Уля молчала. Спор занимал ее, но здесь, при людях, она во всем держала сторону мужа. Посторонний мог бы подумать, что присутствие слепцов не должно ни в чем ее сдерживать, они ведь не могут наблюдать за ней. А для Ули все они были «зрячие», ведь они могли догадаться о тайных ее мыслях. Долгая жизнь со слепыми сделала ее чуткой к самым сокровенным помыслам их. Для нее, как и для Остапа, они были воины, ратники невиданного в мире ополчения песенников. Она гордилась мужем и как-то сказала ему: «Ты же… войсковой хорунжий, со всей губернии слепых казаков в твоем полку до трехсот наберется». Он усмехнулся, но промолчал.
В народе уже вошло в привычку сравнивать кобзарей с воинами, не ему и не Уле принадлежало первым это сравнение.

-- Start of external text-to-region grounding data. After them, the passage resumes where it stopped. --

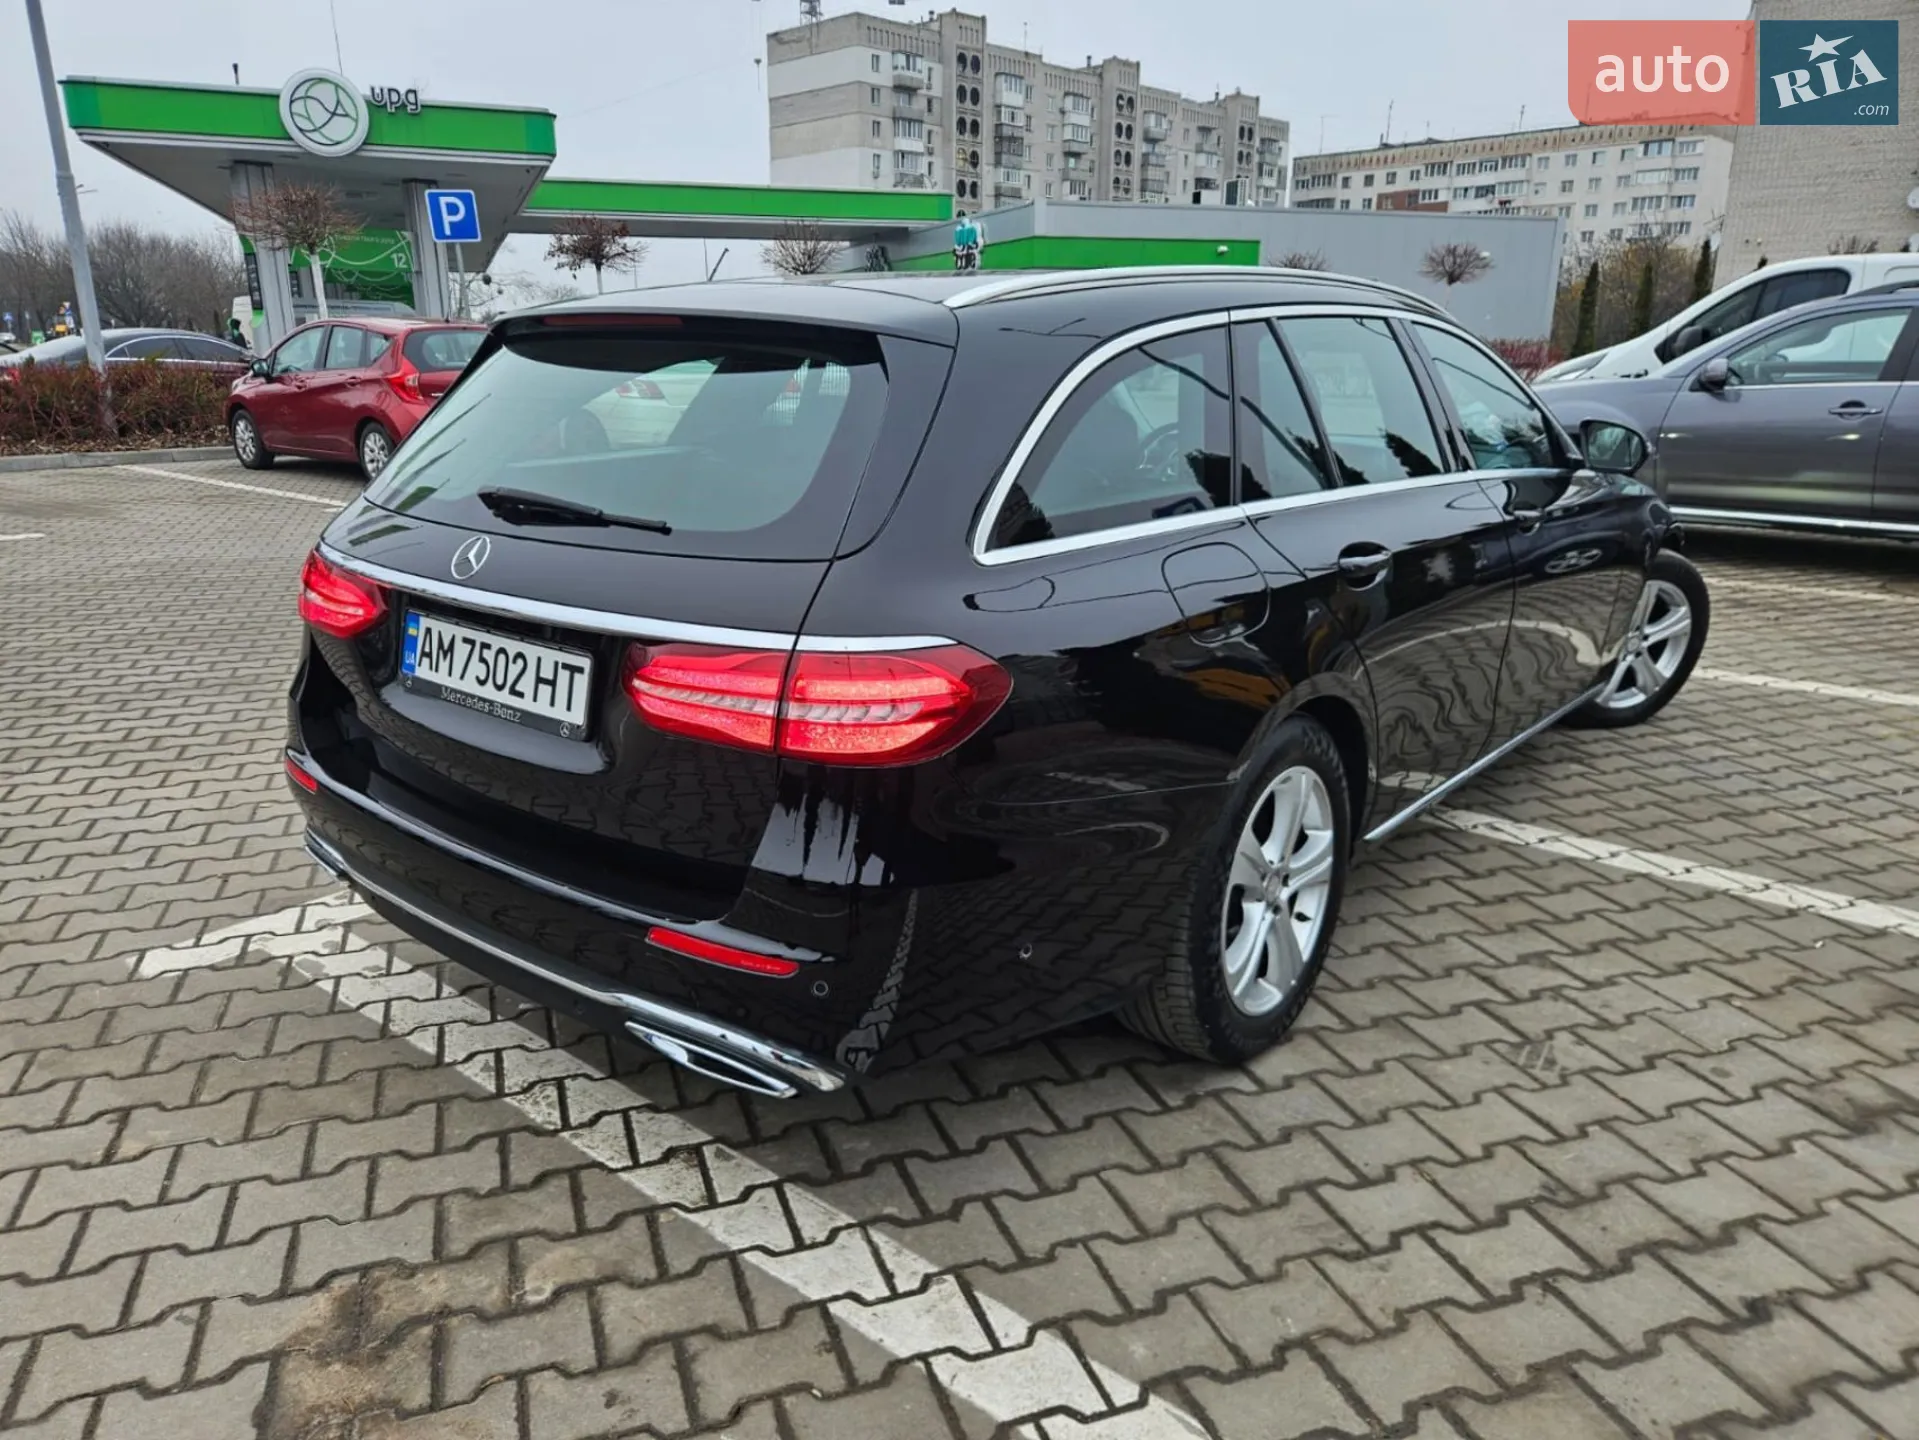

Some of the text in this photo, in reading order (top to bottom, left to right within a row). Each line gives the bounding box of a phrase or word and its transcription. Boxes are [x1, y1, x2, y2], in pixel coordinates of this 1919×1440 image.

[370, 86, 419, 112] upg
[438, 196, 465, 236] P
[390, 253, 408, 268] 12
[404, 651, 415, 664] UA
[441, 686, 522, 723] Mercedes-Benz

И жили кобзари одним коштом. Обычаи музыкантского цеха соблюдались всеми. Не одна ли Уля принимала от слепцов медные пятаки, отдаваемые ими на нужды цеха? Не ее ли называл Остап при людях слепецким поскрабием, то есть казначеем?
Она заметила, как нехотя, горестно согласились все с Вересаем, не пытаясь больше заговорить о музыканте. Но именно эта их уступчивость настраивала Остапа по-иному, рождала в нем сомнение в собственной правоте. Не из запальчивости ли поносит он этого приезжего музыканта? И что все же за человек появился в губернии и созывает кобзарей?
— Уля! — неожиданно крикнул он. — Подавай сапоги да чистую свитку.
И сказал гостям пристыженио:
— Пойду-ка я сам того музыканта проведаю!
— И то правда! — скрывая радость, поддакнул Федько. — Долго ли ходить будешь? Ждать ли тебя?
— Как бог даст. Хату берегите! — строго сказал Вересай, подхваченный за руки Улей. Она увела его за ситцевую занавеску к высокой кровати, застеленной солдатским одеялом, туда, где на стене висела, словно выставленная напоказ рядом с дедовской саблей, вышитая ею праздничная, ярко-белая рубаха.
…Часом позже он брел уже по шляхту тем неторопливым, словно бы усталым шагом, которым сохраняют силы привычные к странствованиям кобзари. Рядом неслышно ступала Уля, подняв увенчанную косами голову и сторожко прислушиваясь к скрипу чумацких телег и «таканью» аистов. Она, его поводырь, жена и «дорожная лукавица», как прозвали ее в усадьбах, должна знать обо всем, а от нее никто лишнего не услышит. Ведь вела она Остапа Вересая, кобзарного хорунжего, которого слушали в Киеве, в ученых домах и на полковых сборах.